Coping with college applications


Zeljko Kospic

Counselors are meeting with seniors in the upcoming weeks to discuss the college application process.

After seven hours of school, three hours of sports and activities, two hours of homework, and one hour of much needed free time, seniors are finding it hard to complete and cope with the college application process.

The beginning of senior year and the beginning of the college application process come hand-in-hand. Entering senior year, I expected easier classes with less of a workload and more time allotted to complete college applications.

What I got instead? The hardest class of my high school career, the same, if not more, involvement in school activities, and much less free time. So how are we supposed to complete the college application process in the two or three months that we have left?
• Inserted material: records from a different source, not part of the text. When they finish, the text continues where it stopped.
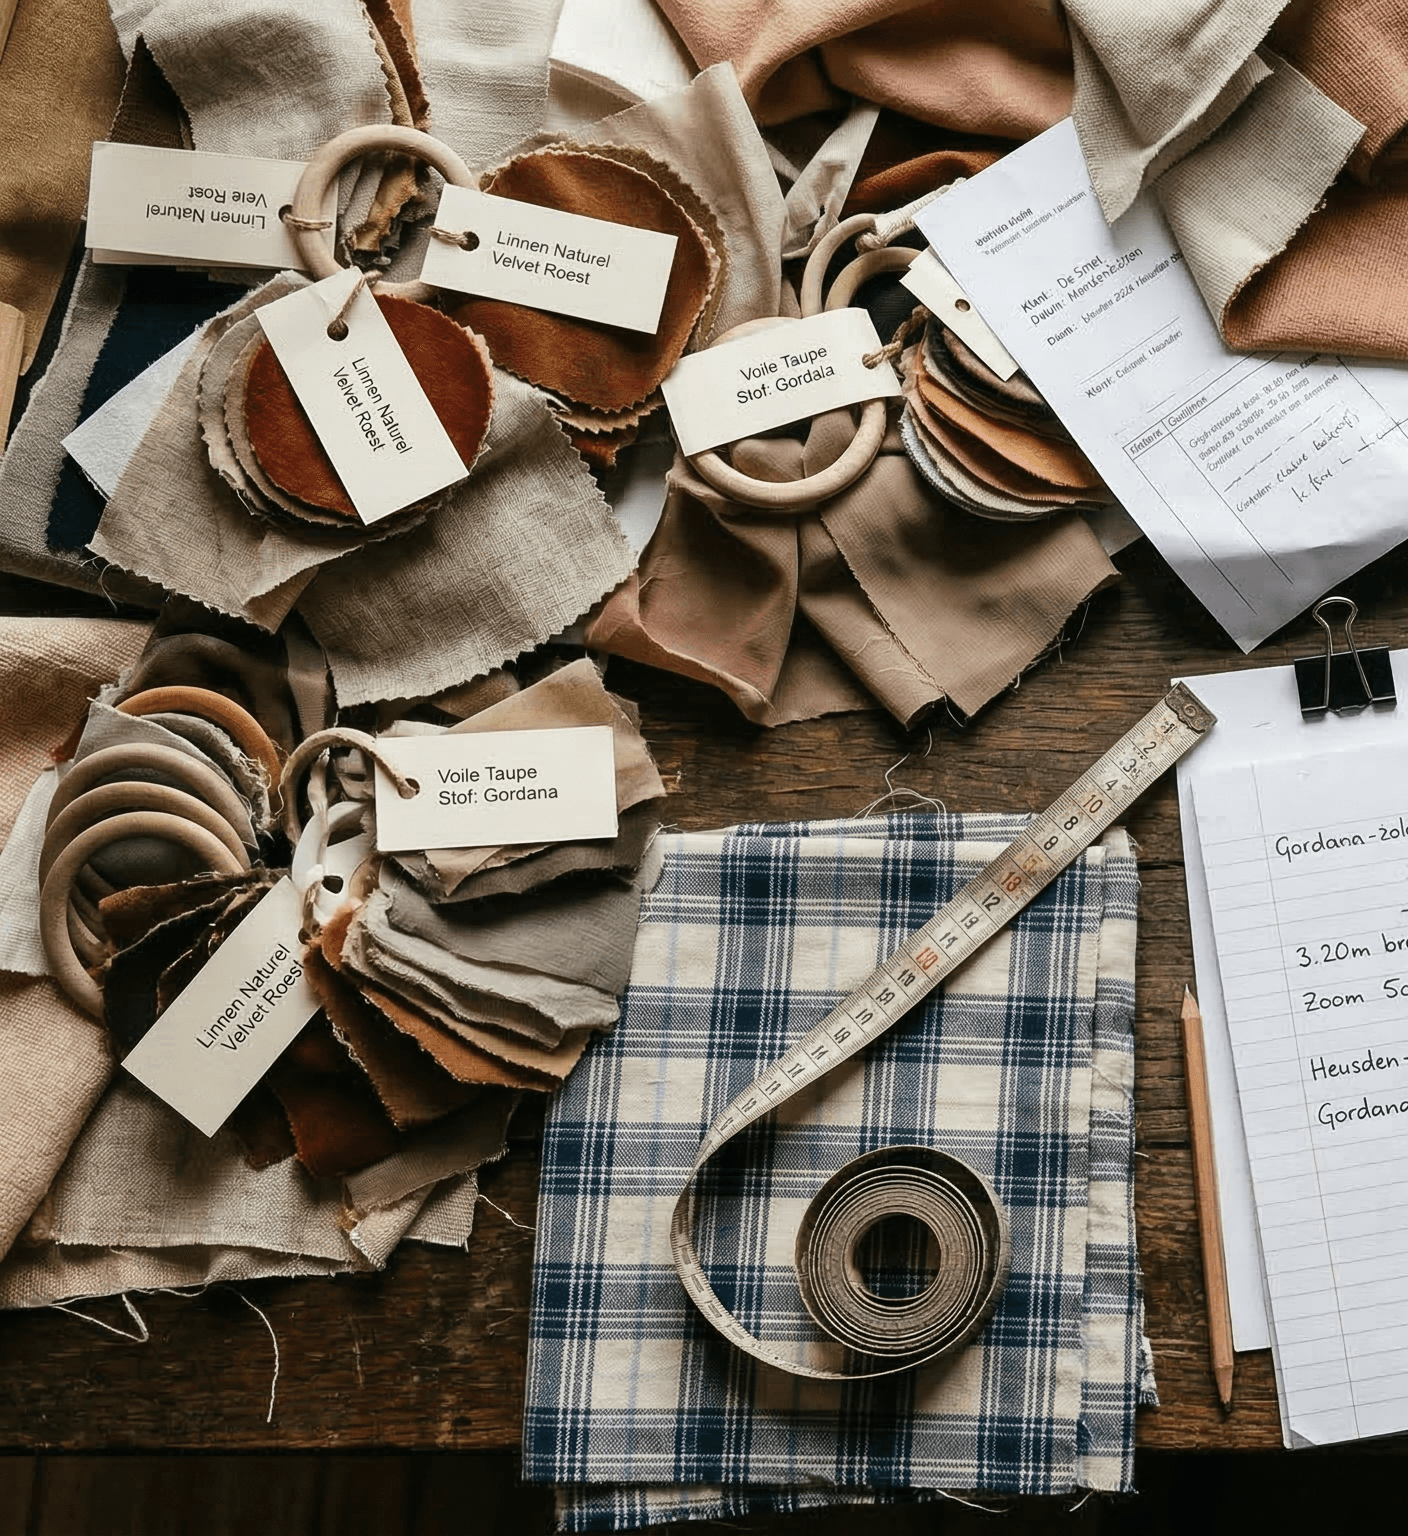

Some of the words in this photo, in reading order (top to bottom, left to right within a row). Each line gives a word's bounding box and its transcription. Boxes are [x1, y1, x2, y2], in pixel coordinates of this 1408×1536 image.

[188, 187, 227, 204] Rost
[146, 203, 205, 223] Naturel
[210, 210, 266, 229] Linnen
[497, 231, 549, 254] Linnen
[554, 243, 611, 268] Naturel
[492, 251, 540, 274] Velvet
[544, 262, 591, 285] Roest
[740, 362, 778, 381] Voile
[780, 347, 827, 369] Taupe
[352, 357, 383, 404] Linnen
[333, 366, 363, 411] Velvet
[355, 410, 386, 452] Roest
[1143, 741, 1157, 754] 2
[437, 768, 480, 784] Voile
[484, 766, 538, 783] Taupe
[1106, 778, 1119, 791] 4
[438, 789, 478, 805] Stof:
[483, 786, 558, 802] Gordana
[1083, 794, 1103, 814] 10
[1063, 815, 1079, 831] 8
[981, 891, 1001, 912] 12
[1296, 942, 1371, 968] 3.20m
[196, 999, 245, 1049] Linnen
[239, 943, 290, 999] Naturel
[220, 1004, 270, 1051] Velvet
“Organization is key,” said Mrs. Theresa Marshall, guidance counselor. “Keeping track of what you’re list of schools requires by checking out their websites, going onto Naviance, or calling the admissions office is really important.”

Seniors are also advised to make appointments with their guidance counselors, and keep in contact with them throughout the process.

Yet, this doesn’t help the fact that we simply do not have time to complete college applications.

“It would be nice if [teachers] tried to remember that on top of all the homework, we are trying to complete applications that determine the rest of our lives,” said Molly Caveney, senior. “So less homework would be nice, but time in class to work on applications shouldn’t be expected because we still have to learn the subject.”

Students find time to complete their applications over weekends, late in the evenings, and during late starts. Many use coping techniques to help relax them and get them through the process.

“I listen to music when I’m doing college apps, to relieve some stress,” said Emma Kroeger, senior. “I’m excited to get the process over with and be done…and go to college.”

Adding to this sentiment, other students try to find a zen or happy place.

“I pretend it’s not happening,” Caveney said. “But I have a list of everything I’ve done that makes me a good applicant, so when I’m freaking out I am reminded that I’ve worked hard.”

Teachers and counselors recommend reminders and lists to alleviate the stress.

“It’s really important for students to have some kind of spreadsheet or data put together on their schools, that states their admissions requirements,” Mrs. Marshall said. “What is that application deadline you’re trying to meet? Is it Nov. 1, Dec. 1, or maybe is it as early as Oct. 15?”

Resources are also provided to students who need some help or moral support. Updated admission information can be found on Naviance, which links you to other helpful resources that can help you find an interesting major, a school that fits your needs, and more

So teachers, please help us out and assign less homework. And seniors, as you try your hardest to complete your college applications on top of your heavy workload, remember that a year from now, everything will pay off.